Monday, March 20, 2017

Cancer Activity 3,2,1

Three Things I Learned From This Activity:
  1. I learned that a certain kind of cancer doesn’t just occur from a mutation in one chromosome, the mutations happen at random spots.
  2. The different mutations don’t effect any one kind of gene, like tumor suppressors, or oncogenes, there’s usually an even mix.
  3. The different mutations don’t effect any one kind gene function, like genome maintenance, genome survival, or genome function. This is random, but it may favor one more than another.
Two Things That Surprised, or Interested Me:
  1. Cancer is a lot more random than I had thought, I figured that one kind of cancer would share a majority of the same mutations, but that wasn't the case. Although there was some shared gene mutations, there weren’t an overwhelming amount to draw conclusions from.  
  2. A lot of the mutations took place on chromosomes, 12, 17, and 14. This makes sense because there are a lot of genes on those chromosomes, but there are also a lot of genes on chromosomes 3 and 4, yet hardly any mutations were found on those chromosomes, so I wonder why that is.
One Question I Still Have:

  1. How many mutations does it take for cancer to appear, does it vary depending on the cancer, or the person?

Sunday, March 12, 2017

Weekly Reflection for Week of 3/10/17


This week we focused on the cell cycle, and  how mutations during the cell cycle can result in cancer. We learned about this process through a series of vodcasts, and POGILS. I find the cell cycle very interesting and important. It’s so cool that that the cell cycle goes through a series of “checkpoints” to try to avoid any mutations, but when one of the two important proteins like proto-oncogenes, or tumor-suppressor genes become mutated it could lead to cancer. Causing too much cell division, or too little.

Sunday, March 5, 2017

Weekly Reflection for Week of 3/3/17

This week we focused on putting biotechnology to use in a PCR lab. This hands on lab helped clarify the complicated process of replicating DNA. The first step of this lab was to rinse our mouths with saline and spit in a tube. This was then centrifuged with gene matrix.We had to heat our spit mix in a couple of different water baths. We then carefully transferred the supernatant into a PCR tube, as well as some mastermix. This concoction was then put into the thermal cycler, for about three hours. The next day we were able to add loading dye to our PCR tube, and carefully load it into the gel for electrophoresis.This would run for a half hour, and then be placed in a dye to reveal any of our DNA.

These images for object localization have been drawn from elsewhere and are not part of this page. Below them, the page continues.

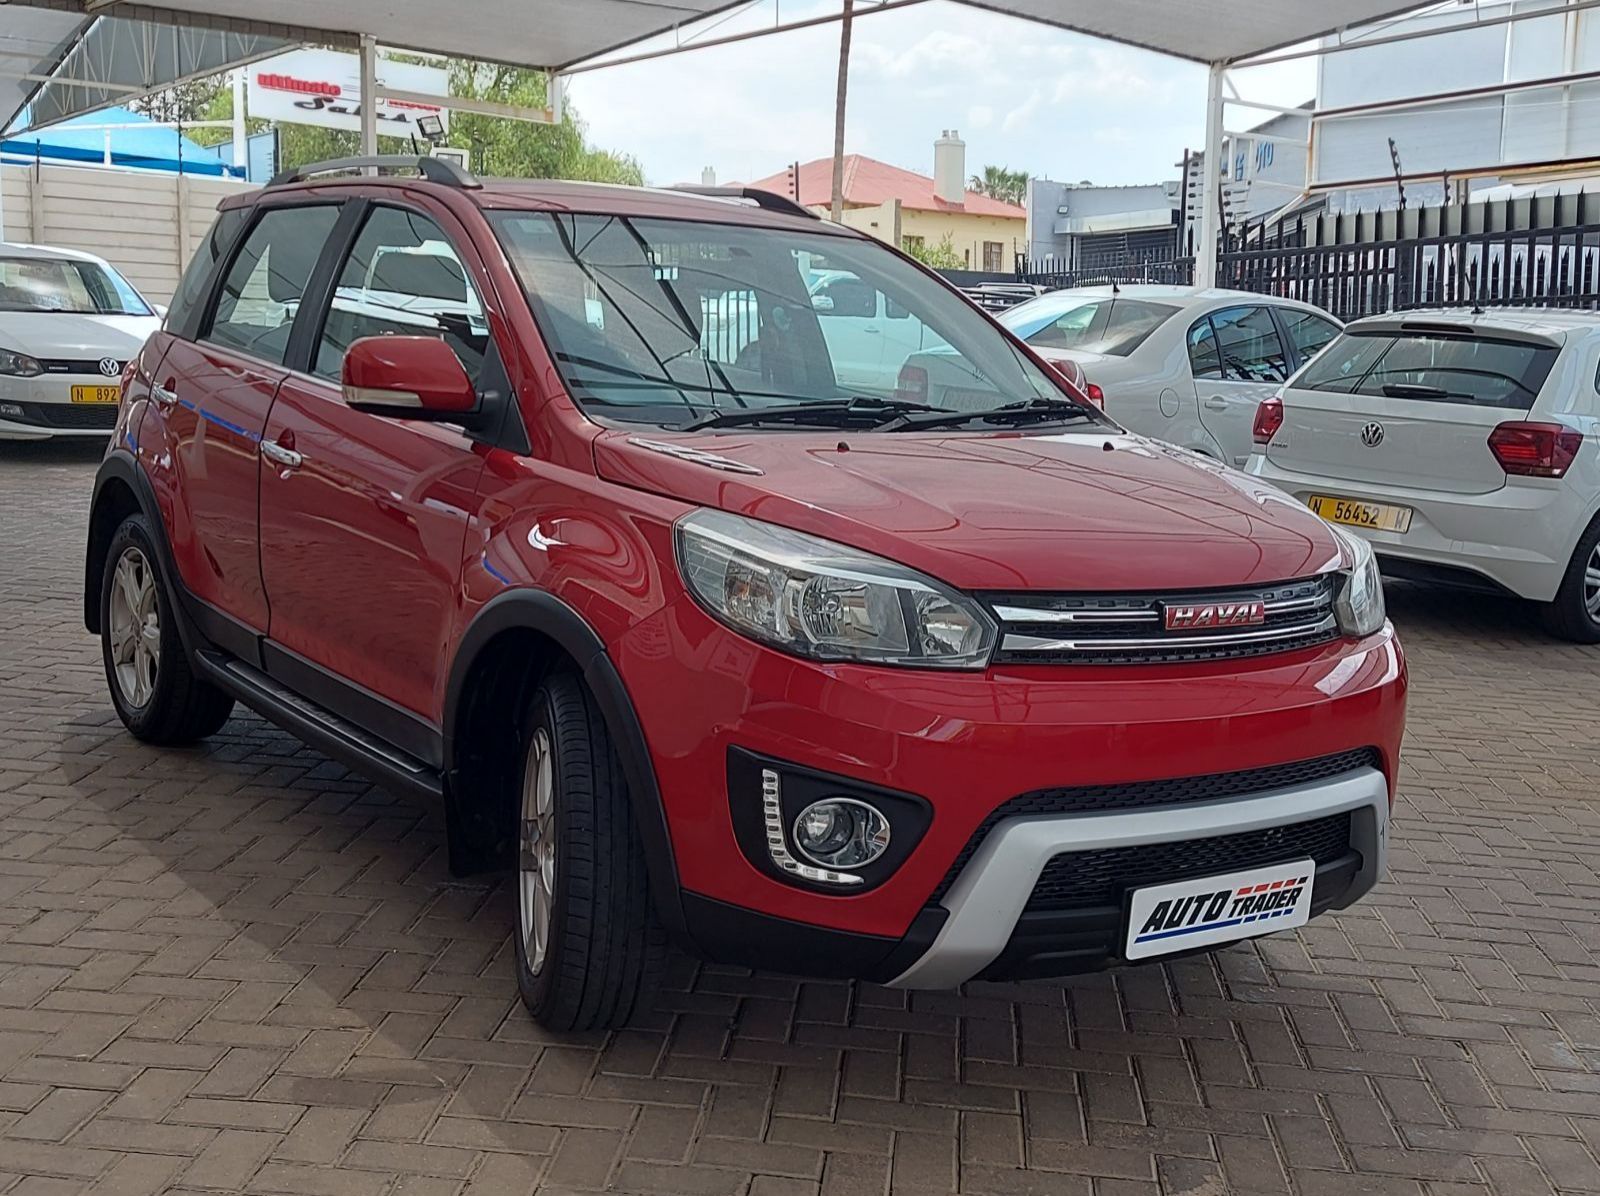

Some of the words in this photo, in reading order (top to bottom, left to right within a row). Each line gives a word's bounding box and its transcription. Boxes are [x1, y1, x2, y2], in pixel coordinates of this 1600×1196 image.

[293, 96, 411, 123] Sals
[76, 387, 84, 401] N
[1312, 498, 1322, 516] N
[1334, 501, 1380, 525] 56452
[1171, 603, 1264, 627] HAVAL
[1139, 889, 1233, 934] AUTO
[1227, 886, 1304, 919] TRADER
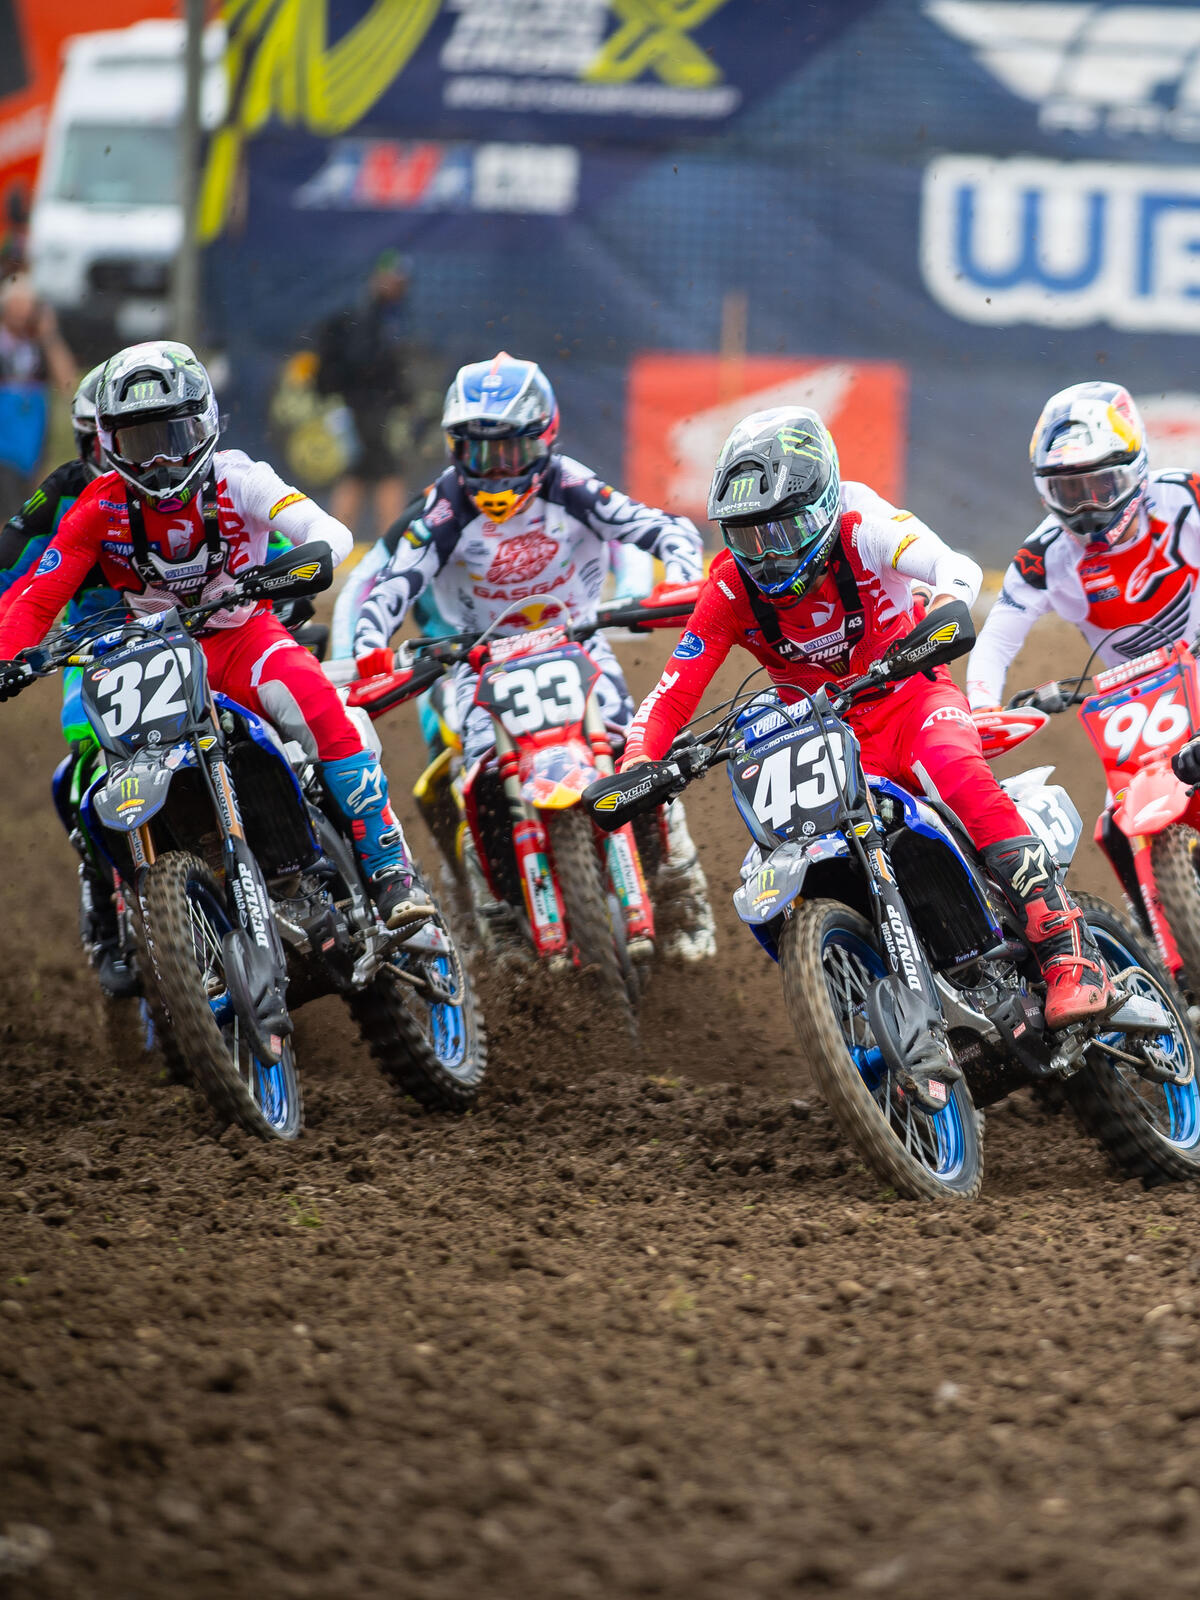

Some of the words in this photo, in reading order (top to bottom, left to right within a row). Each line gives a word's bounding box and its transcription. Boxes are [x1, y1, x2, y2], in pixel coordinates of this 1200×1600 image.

[716, 501, 761, 514] MONSTER
[851, 522, 861, 548] THOR
[210, 553, 224, 564] 32
[167, 577, 208, 591] THOR
[264, 575, 299, 588] CYCRA
[716, 580, 736, 601] THOR
[848, 616, 862, 628] 43
[779, 643, 793, 655] LK
[814, 632, 844, 648] YAMAHA
[905, 639, 940, 661] CYCRA
[808, 642, 849, 663] THOR
[97, 647, 192, 737] 32
[492, 660, 586, 737] 33
[1104, 686, 1190, 768] 96
[753, 725, 815, 757] PROMOTOCROSS
[616, 779, 653, 804] CYCRA
[752, 732, 846, 830] 43
[237, 862, 270, 949] DUNLOP
[886, 904, 923, 992] DUNLOP
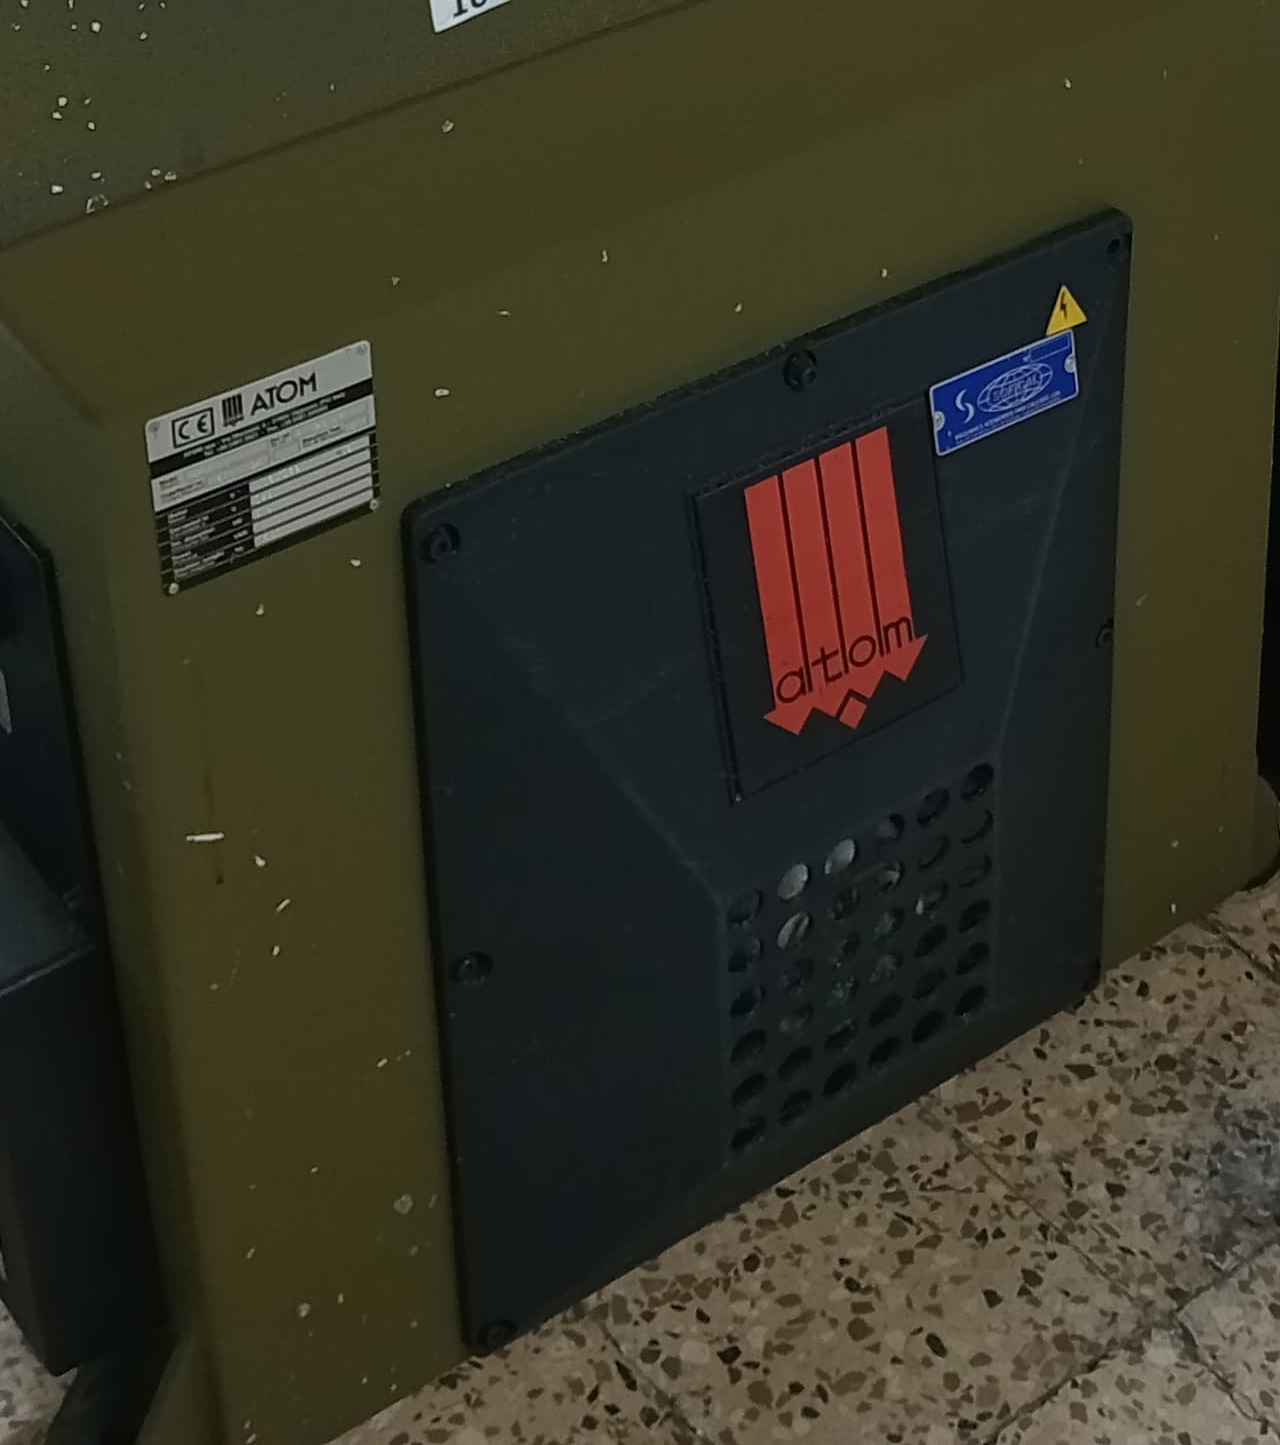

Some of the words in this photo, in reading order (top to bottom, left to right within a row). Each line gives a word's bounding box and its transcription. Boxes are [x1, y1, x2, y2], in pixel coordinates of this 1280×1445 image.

During the process we learned how sensitive this process is, and how easy it is to contaminate a sample. Luckily a band of my DNA showed up, showing that I was homozygous negative for the gene we tested. After doing more research on the genome website my result makes sense because of my european heritage. Unsurprisingly most of the kids in my class showed up as homozygous negative, but a few were heterozygous, which was really cool. I found this lab to be a lot of fun, and hopefully I will get to do more labs like this to see my results for other genes.